Task
From start to end of the material below, restate each line exactly.

Material supplied

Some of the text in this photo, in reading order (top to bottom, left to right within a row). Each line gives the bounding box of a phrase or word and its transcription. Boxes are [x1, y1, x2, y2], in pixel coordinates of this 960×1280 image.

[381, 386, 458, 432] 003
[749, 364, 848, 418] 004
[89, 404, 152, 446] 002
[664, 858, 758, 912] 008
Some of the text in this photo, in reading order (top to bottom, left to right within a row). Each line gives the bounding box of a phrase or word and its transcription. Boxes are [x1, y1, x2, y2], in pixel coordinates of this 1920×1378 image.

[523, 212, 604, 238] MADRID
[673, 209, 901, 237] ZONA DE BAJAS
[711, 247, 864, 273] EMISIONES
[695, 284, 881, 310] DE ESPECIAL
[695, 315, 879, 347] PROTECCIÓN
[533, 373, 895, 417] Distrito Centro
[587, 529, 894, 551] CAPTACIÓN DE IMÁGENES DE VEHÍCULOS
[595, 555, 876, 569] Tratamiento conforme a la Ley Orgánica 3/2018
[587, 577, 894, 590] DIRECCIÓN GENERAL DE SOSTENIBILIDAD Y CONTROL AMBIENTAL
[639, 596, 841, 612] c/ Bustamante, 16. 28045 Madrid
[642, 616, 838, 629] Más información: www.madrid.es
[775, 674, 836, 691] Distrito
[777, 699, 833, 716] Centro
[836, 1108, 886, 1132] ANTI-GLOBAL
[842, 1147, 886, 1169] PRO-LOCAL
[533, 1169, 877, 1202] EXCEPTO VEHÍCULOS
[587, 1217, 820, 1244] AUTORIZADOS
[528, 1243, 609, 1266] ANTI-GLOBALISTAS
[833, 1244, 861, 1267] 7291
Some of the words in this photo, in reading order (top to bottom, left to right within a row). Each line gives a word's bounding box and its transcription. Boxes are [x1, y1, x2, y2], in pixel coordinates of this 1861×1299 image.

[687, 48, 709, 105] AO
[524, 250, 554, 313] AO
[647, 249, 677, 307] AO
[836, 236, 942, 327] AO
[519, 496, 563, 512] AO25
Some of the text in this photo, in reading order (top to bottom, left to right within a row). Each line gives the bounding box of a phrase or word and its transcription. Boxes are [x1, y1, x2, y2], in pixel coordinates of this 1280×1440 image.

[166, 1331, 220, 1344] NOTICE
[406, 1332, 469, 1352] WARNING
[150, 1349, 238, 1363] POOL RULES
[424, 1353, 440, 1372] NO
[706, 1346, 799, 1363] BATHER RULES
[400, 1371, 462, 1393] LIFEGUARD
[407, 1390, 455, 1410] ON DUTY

Answer box
Some of the text in this photo, in reading order (top to bottom, left to right within a row). Each line gives the bounding box of a phrase or word and its transcription. Boxes are [x1, y1, x2, y2], in pixel coordinates of this 960×1280 image.

[381, 386, 458, 432] 003
[749, 364, 848, 418] 004
[89, 404, 152, 446] 002
[664, 858, 758, 912] 008
Some of the text in this photo, in reading order (top to bottom, left to right within a row). Each line gives the bounding box of a phrase or word and its transcription. Boxes are [x1, y1, x2, y2], in pixel coordinates of this 1920×1378 image.

[523, 212, 604, 238] MADRID
[673, 209, 901, 237] ZONA DE BAJAS
[711, 247, 864, 273] EMISIONES
[695, 284, 881, 310] DE ESPECIAL
[695, 315, 879, 347] PROTECCIÓN
[533, 373, 895, 417] Distrito Centro
[587, 529, 894, 551] CAPTACIÓN DE IMÁGENES DE VEHÍCULOS
[595, 555, 876, 569] Tratamiento conforme a la Ley Orgánica 3/2018
[587, 577, 894, 590] DIRECCIÓN GENERAL DE SOSTENIBILIDAD Y CONTROL AMBIENTAL
[639, 596, 841, 612] c/ Bustamante, 16. 28045 Madrid
[642, 616, 838, 629] Más información: www.madrid.es
[775, 674, 836, 691] Distrito
[777, 699, 833, 716] Centro
[836, 1108, 886, 1132] ANTI-GLOBAL
[842, 1147, 886, 1169] PRO-LOCAL
[533, 1169, 877, 1202] EXCEPTO VEHÍCULOS
[587, 1217, 820, 1244] AUTORIZADOS
[528, 1243, 609, 1266] ANTI-GLOBALISTAS
[833, 1244, 861, 1267] 7291
Some of the words in this photo, in reading order (top to bottom, left to right within a row). Each line gives a word's bounding box and its transcription. Boxes are [x1, y1, x2, y2], in pixel coordinates of this 1861×1299 image.

[687, 48, 709, 105] AO
[524, 250, 554, 313] AO
[647, 249, 677, 307] AO
[836, 236, 942, 327] AO
[519, 496, 563, 512] AO25
Some of the text in this photo, in reading order (top to bottom, left to right within a row). Each line gives the bounding box of a phrase or word and its transcription. Boxes are [x1, y1, x2, y2], in pixel coordinates of this 1280×1440 image.

[166, 1331, 220, 1344] NOTICE
[406, 1332, 469, 1352] WARNING
[150, 1349, 238, 1363] POOL RULES
[424, 1353, 440, 1372] NO
[706, 1346, 799, 1363] BATHER RULES
[400, 1371, 462, 1393] LIFEGUARD
[407, 1390, 455, 1410] ON DUTY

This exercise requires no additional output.